For each case, the radiologists employed the BI-RADS classification (range, 1-5), and labeled the suspicious lesion as benign or malignant, and normal patients without lesion were taken as negative into account. The radiologists scored each case on a difficulty scale of 1-9 (9 represents the highest difficulty).

The evaluation was undertaken on an in-house developed workstation, using a 12-MP Mammography Display System that was calibrated to the medical grayscale standard display function of digital imaging. Radiologists used the AI system to read the film, which can freely adjust the window width and window level, and can scale and shift. Ambient lighting was set to about 45 lux.

6. Prospective clinical applications of the model

Prior to the application of the model in each center, nineteen radiologists in the six centers had participated in the training of the model, in which 200 cases were trained. The median experience in mammography diagnosis was 9.5 years (range, 5–26 years), and the mean number of mammograms read each year during the past 2 years was approximately 6500 (range, 1400–13 000). The purpose of the training was to make all the radiologists proficient in the operating system and application interface, so that they could be used freely in the routine clinical mammography.

The mammography was conducted by radiologists with the DL model at six centers. The model could automatically identify suspicious lesions and percentage of malignancy for reference, and automatically generate structured reports as well. The reading time of each case was automatically recorded by the system. Pathological and follow-up results were taken as the gold standard for the diagnosis of benign and malignant lesions, and three radiologists with more than 20 years of experience were taken as the gold standard for the detection of lesions, so as to observe the clinical effect of the DL model.

7.Statistical analysis

Clopper–Pearson method was applied to calculate the accuracy, sensitivity, specificity, positive predictive value (PPV), and negative predictive value (NPV) of the model used to detect and diagnose mammographic lesions (see Appendix). We used the free-response receiver operating characteristic (FROC) curve to indicate the detection ability of the model and further analyze its diagnostic ability in different types of lesions. The ROC curve was plotted, and the AUC was used to evaluate the diagnostic performance of the model. All statistical analyses were bilateral with significance level of 0.05. Statistical analyses were performed using R 3.5.1 programming language.

The end point was to compare the AUC, sensitivity, specificity, and reading time of 12 radiologists who read independently and with the model. P<0.05 indicated a statistically significant difference between the two reading conditions. In the present study, if a radiologist did not mark the malignant lesion within the true quadrant of the lesion, the case was modified to be negative by the reader.

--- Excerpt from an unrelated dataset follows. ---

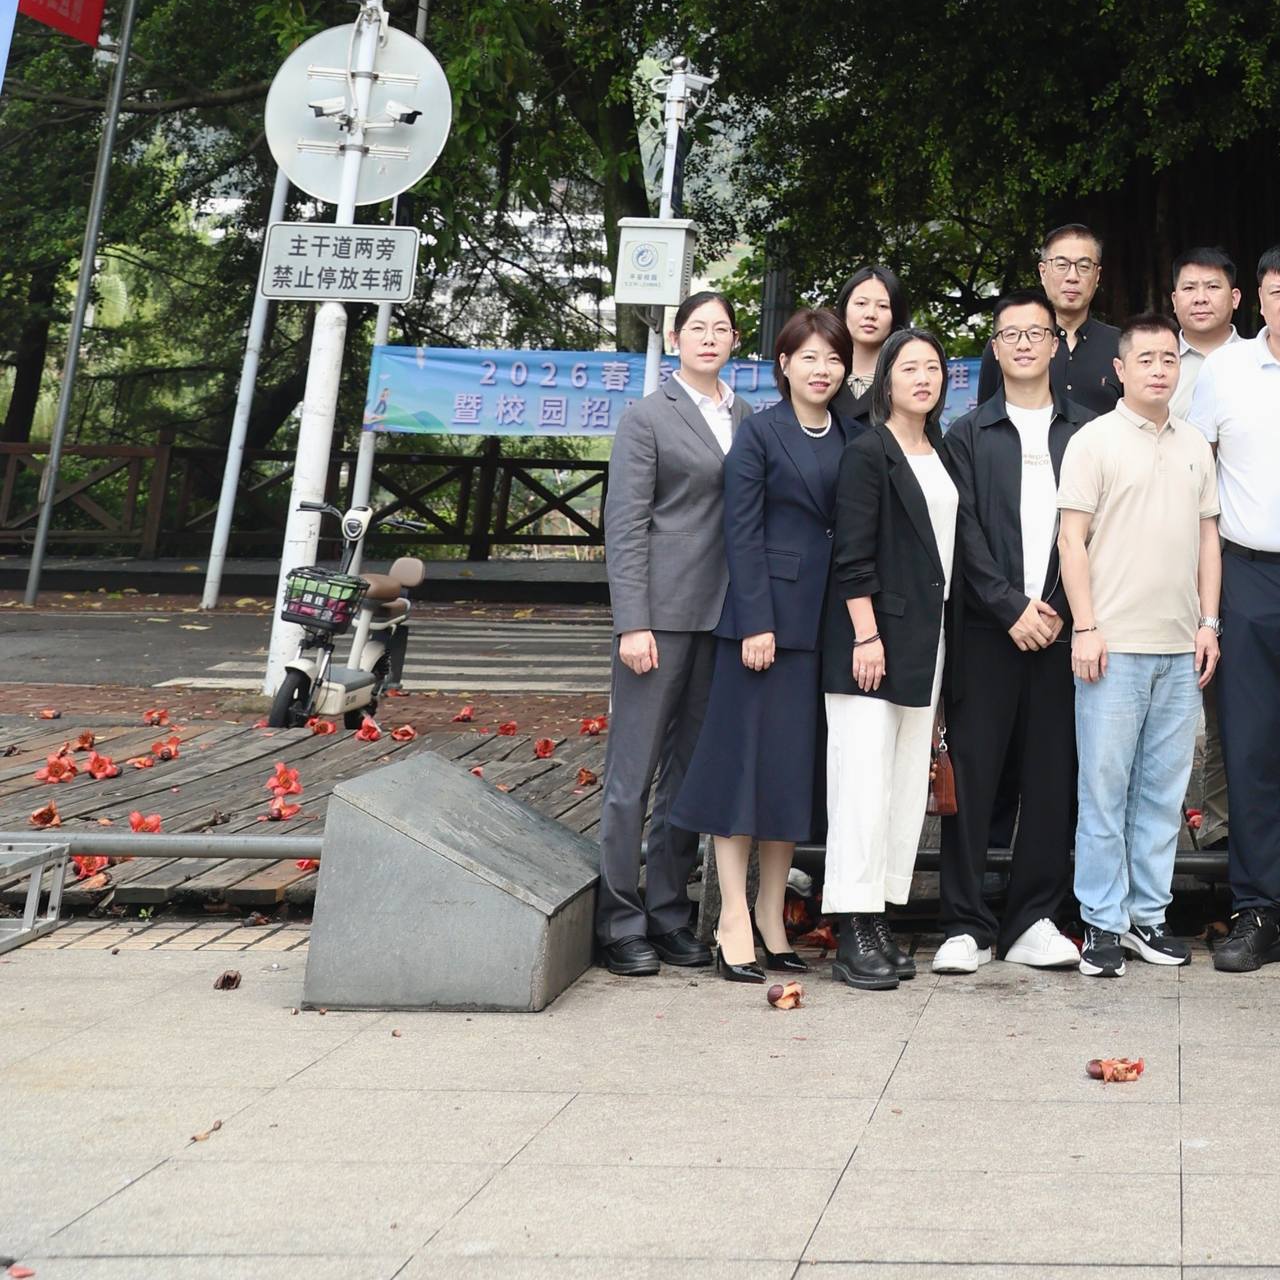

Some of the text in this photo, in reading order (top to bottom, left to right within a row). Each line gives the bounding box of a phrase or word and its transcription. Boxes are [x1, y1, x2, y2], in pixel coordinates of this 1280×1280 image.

The reading time of each case was automatically measured by the workstation software. The paired sample t-test or Wilcoxon rank-sum test were used to compare the average reading time under two different reading conditions (reading alone and reading with the model), and the relationship between reading time and difficulty score was further analyzed. For this analysis, the outlier (defined as more than 1.5 times the standard deviation of the data) was removed.

8.Outcomes and follow-up

Definition of malignant lesions: within 2 years from the time the patient came to the hospital for the first mammogram, the pathological diagnosis of the same lesion as malignant was defined as malignant lesion. Definition of benign lesions :(1) pathological diagnosis of the same lesion within 2 years was benign;(2) the patients were followed up for more than 2 years, and mammography more than 2 years after the first mammography examination indicated benign, without pathological diagnosis. Follow-up plan was in supplementary files.

1. Patients’ baseline data

The flowchart of the study design and data collection is shown in Figure 1. Between October 1, 2014 and September 30, 2016, 5350 participants with suspected lesions from PACS of six centers were enrolled, of whom 891 were excluded due to no follow-up data or follow-up for less than two years, and 92 were excluded because their pathological results were not obtained. Of the remaining 4,367 participants assessed for quality control, 97 (2.22%) were excluded due to poor quality of mammography and 151 (3.46%) were excluded due to inconsistency in anatomical location and pathological report. Eventually, 16,476 images of 4119 participants were involved in the analysis, including 2454 patients with malignant lesions and 1665 patients with benign lesions. Among them, pathological results of 3186 patients were achieved through biopsy or surgery. In chronological order, a total of 3389 patients were used for model training from October 1, 2014 to May 31, 2016, and 730 patients were recruited for model verification from June 1, 2016 to September 30, 2016 (approximately 5:1). The patients’ data are summarized in Table S2.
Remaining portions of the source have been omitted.